** Task **
Below are the records; retype them exactly and omit each picture.

** Stored data entries **
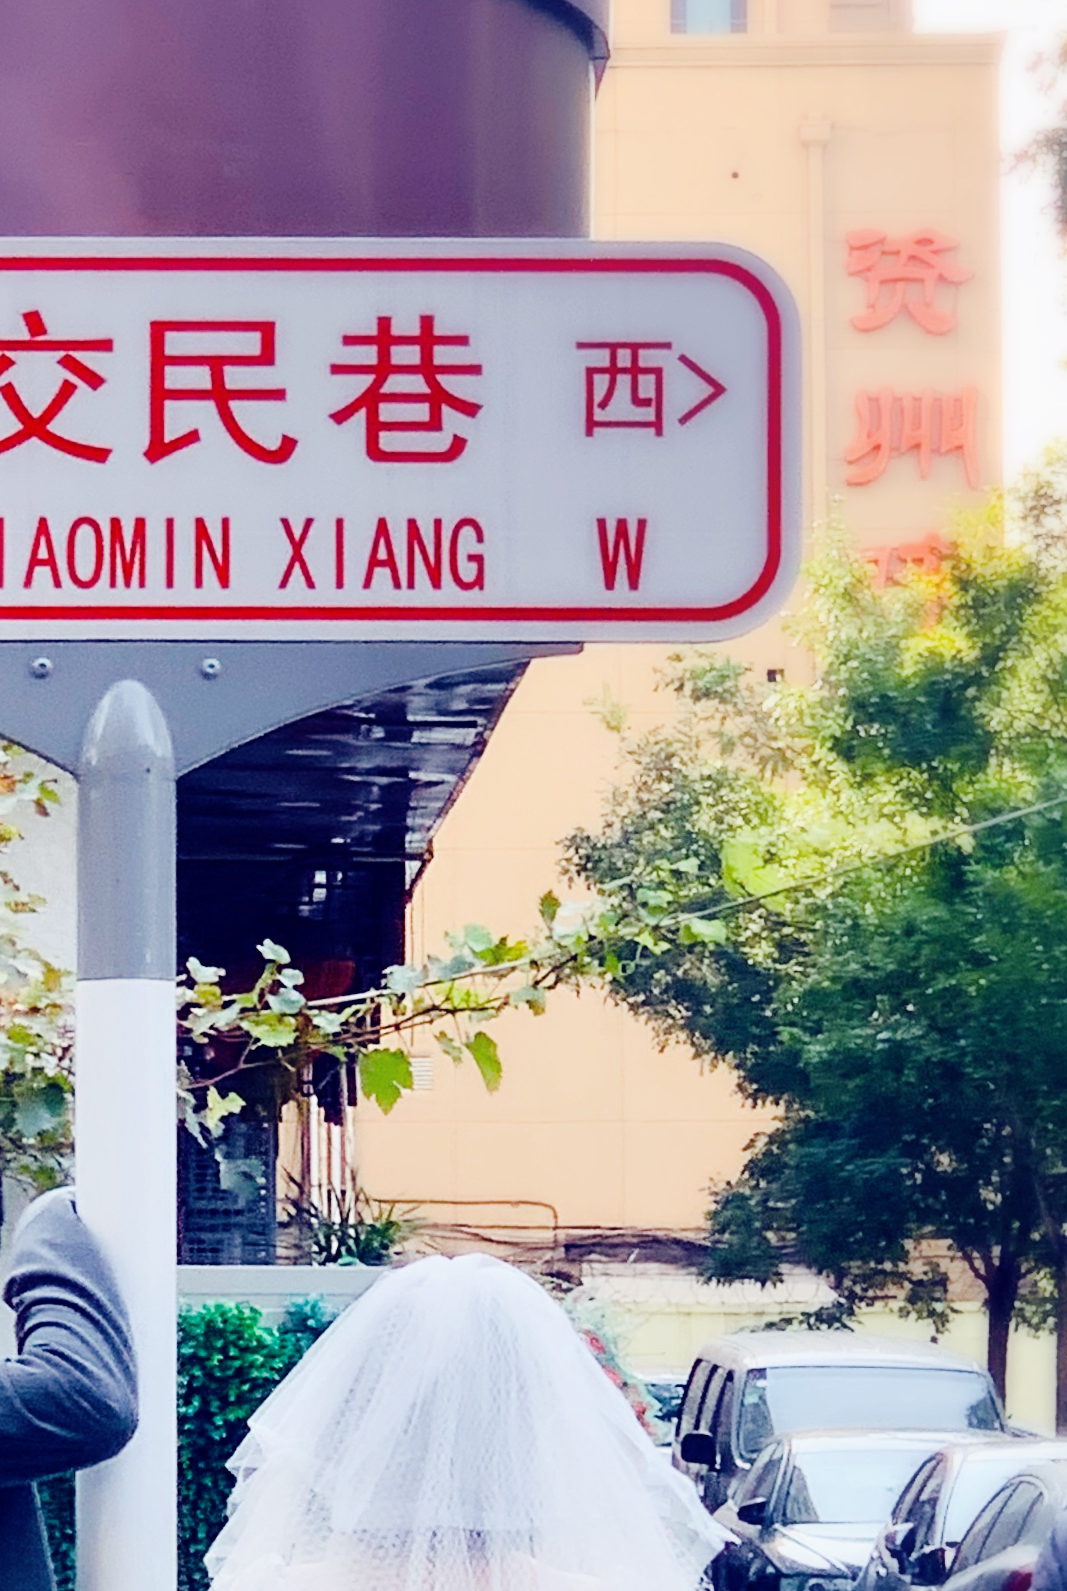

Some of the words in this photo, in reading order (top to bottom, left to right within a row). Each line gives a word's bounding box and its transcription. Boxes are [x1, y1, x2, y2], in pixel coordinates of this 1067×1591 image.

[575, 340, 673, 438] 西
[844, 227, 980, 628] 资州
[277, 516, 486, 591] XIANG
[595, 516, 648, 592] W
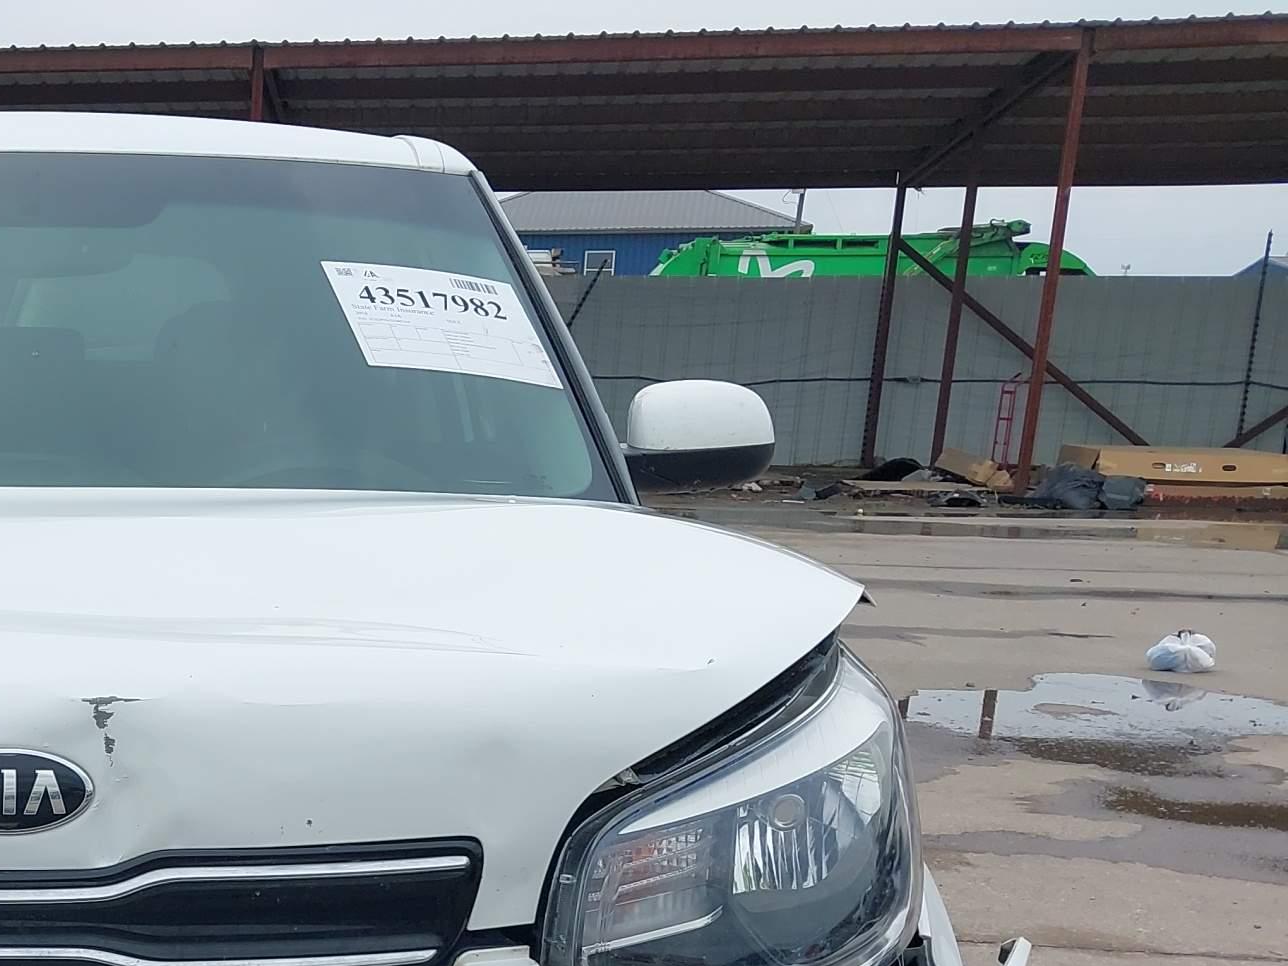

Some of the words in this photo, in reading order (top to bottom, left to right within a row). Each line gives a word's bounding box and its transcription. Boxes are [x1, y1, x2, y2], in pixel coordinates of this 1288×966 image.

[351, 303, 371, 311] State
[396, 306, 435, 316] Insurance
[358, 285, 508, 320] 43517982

** Solution below **
Some of the words in this photo, in reading order (top to bottom, left to right within a row). Each line gives a word's bounding box and its transcription. Boxes are [x1, y1, x2, y2], in pixel coordinates of this 1067×1591 image.

[575, 340, 673, 438] 西
[844, 227, 980, 628] 资州
[277, 516, 486, 591] XIANG
[595, 516, 648, 592] W

Some of the words in this photo, in reading order (top to bottom, left to right within a row). Each line gives a word's bounding box and its transcription. Boxes are [x1, y1, x2, y2], in pixel coordinates of this 1288×966 image.

[351, 303, 371, 311] State
[396, 306, 435, 316] Insurance
[358, 285, 508, 320] 43517982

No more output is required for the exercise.